WHAT THIS TASK INVOLVES: Transcribe everything in the listing as written, and let no image into the copy.

----------------

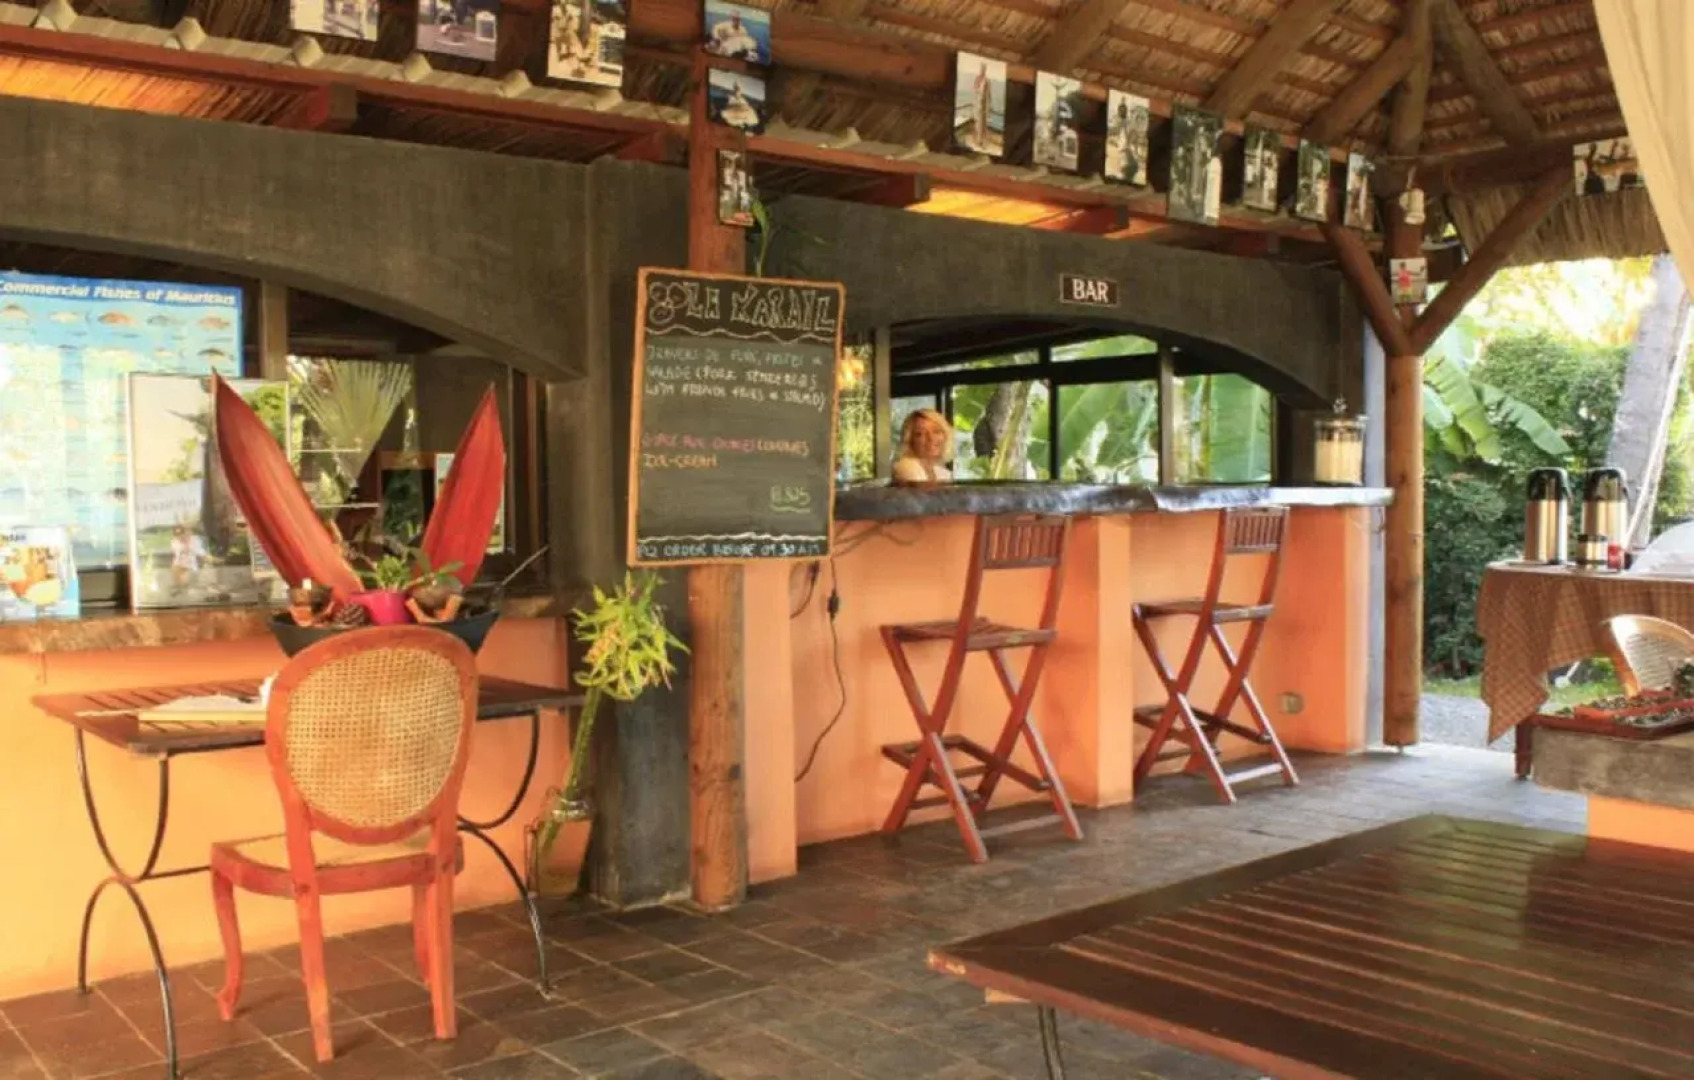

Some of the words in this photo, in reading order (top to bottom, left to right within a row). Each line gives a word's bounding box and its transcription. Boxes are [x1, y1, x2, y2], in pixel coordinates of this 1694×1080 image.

[93, 286, 141, 300] Fishes
[146, 290, 162, 301] of
[165, 291, 236, 305] Mauritius
[1072, 278, 1109, 303] BAR
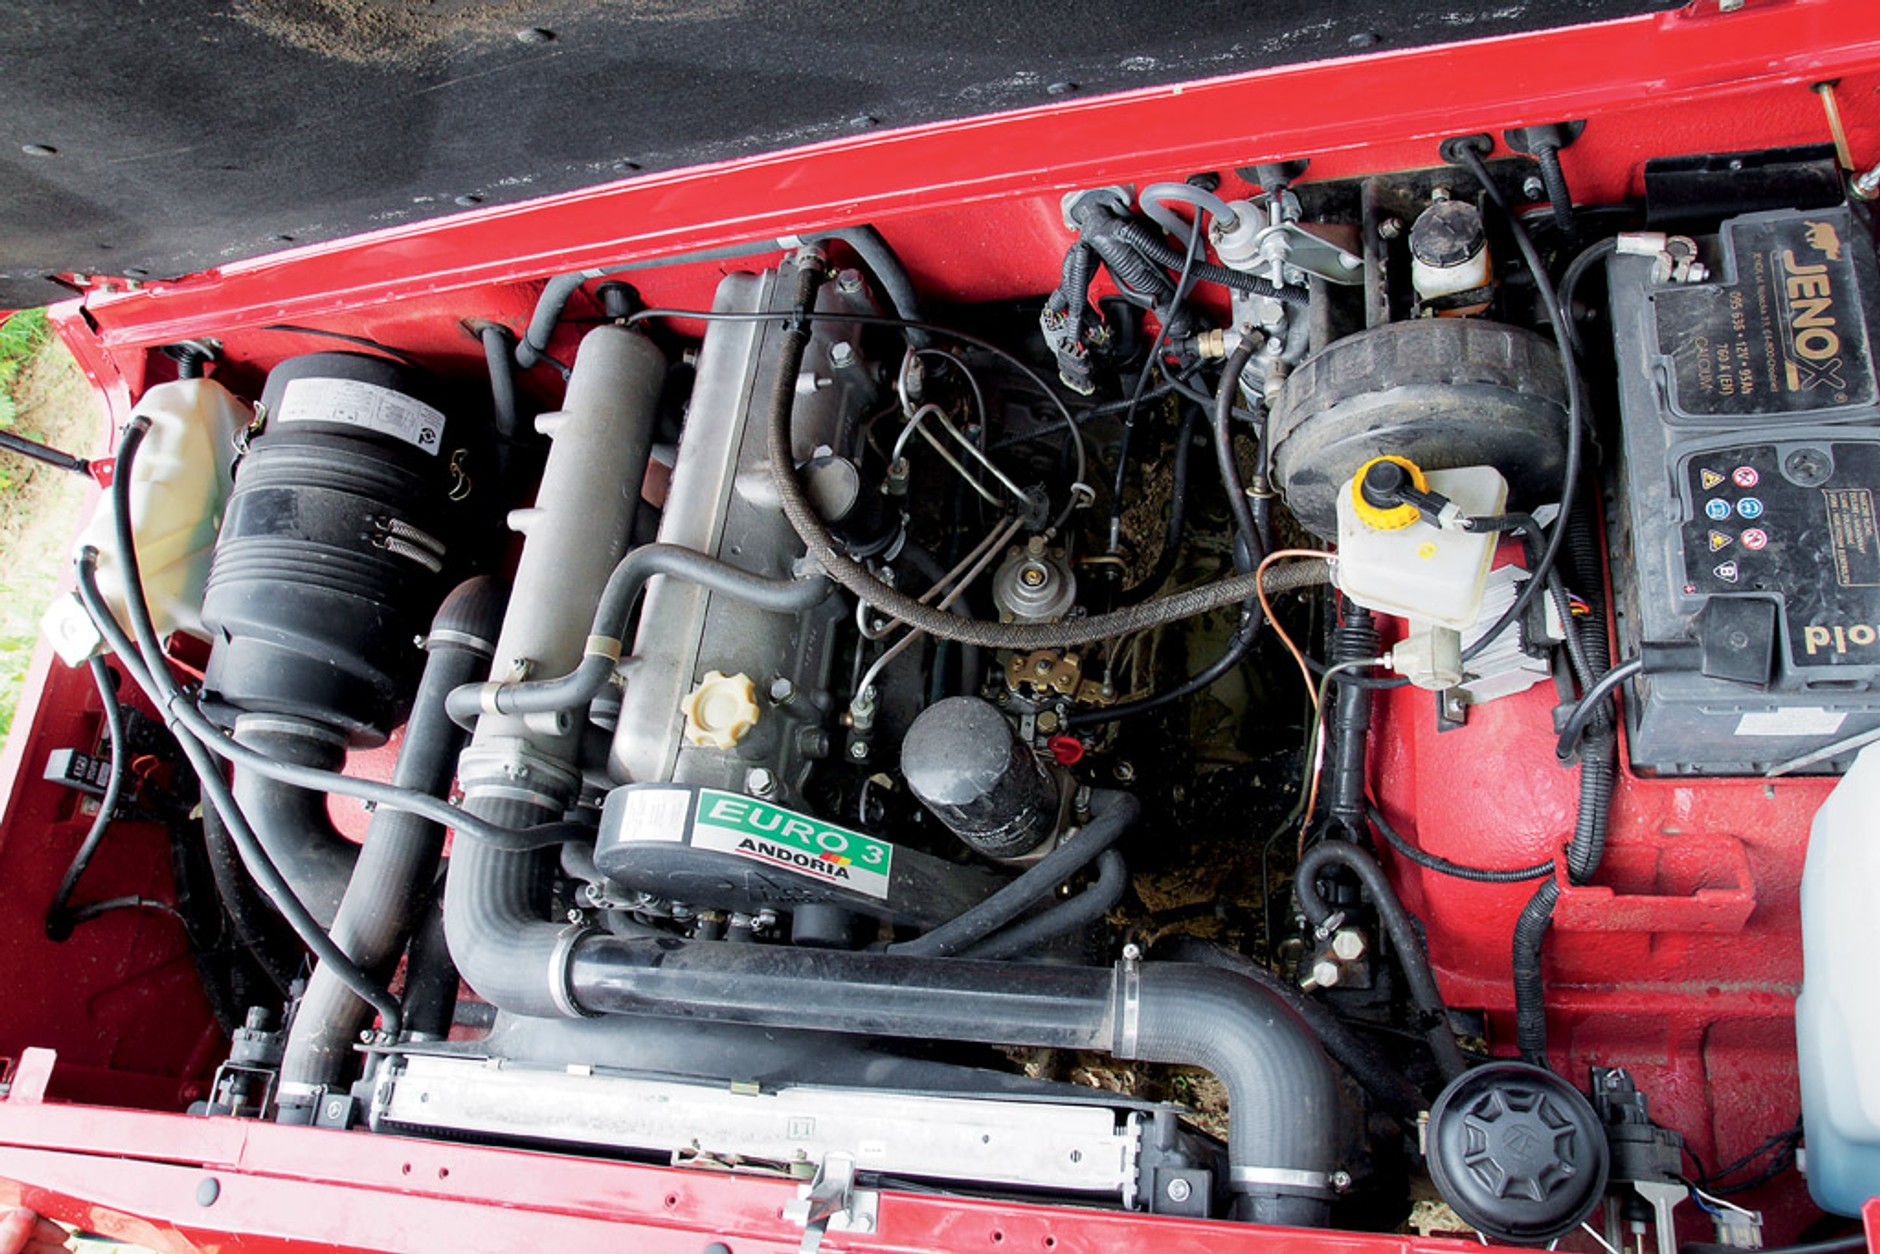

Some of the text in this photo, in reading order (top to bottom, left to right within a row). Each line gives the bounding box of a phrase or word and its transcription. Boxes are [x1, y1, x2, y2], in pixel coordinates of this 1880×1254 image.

[1783, 249, 1847, 391] JENOX
[1735, 341, 1749, 360] 12V
[1804, 624, 1880, 655] old
[708, 798, 849, 852] EURO
[861, 844, 885, 865] 3
[738, 837, 851, 880] ANDORIA

----------------

ANSWER TO THIS EXERCISE:
Some of the words in this photo, in reading order (top to bottom, left to right within a row). Each line gives a word's bounding box and its transcription. Boxes are [x1, y1, x2, y2], in pixel coordinates of this 1694×1080 image.

[93, 286, 141, 300] Fishes
[146, 290, 162, 301] of
[165, 291, 236, 305] Mauritius
[1072, 278, 1109, 303] BAR

Some of the text in this photo, in reading order (top to bottom, left to right within a row). Each line gives the bounding box of a phrase or word and its transcription. Boxes are [x1, y1, x2, y2], in pixel coordinates of this 1880×1254 image.

[1783, 249, 1847, 391] JENOX
[1735, 341, 1749, 360] 12V
[1804, 624, 1880, 655] old
[708, 798, 849, 852] EURO
[861, 844, 885, 865] 3
[738, 837, 851, 880] ANDORIA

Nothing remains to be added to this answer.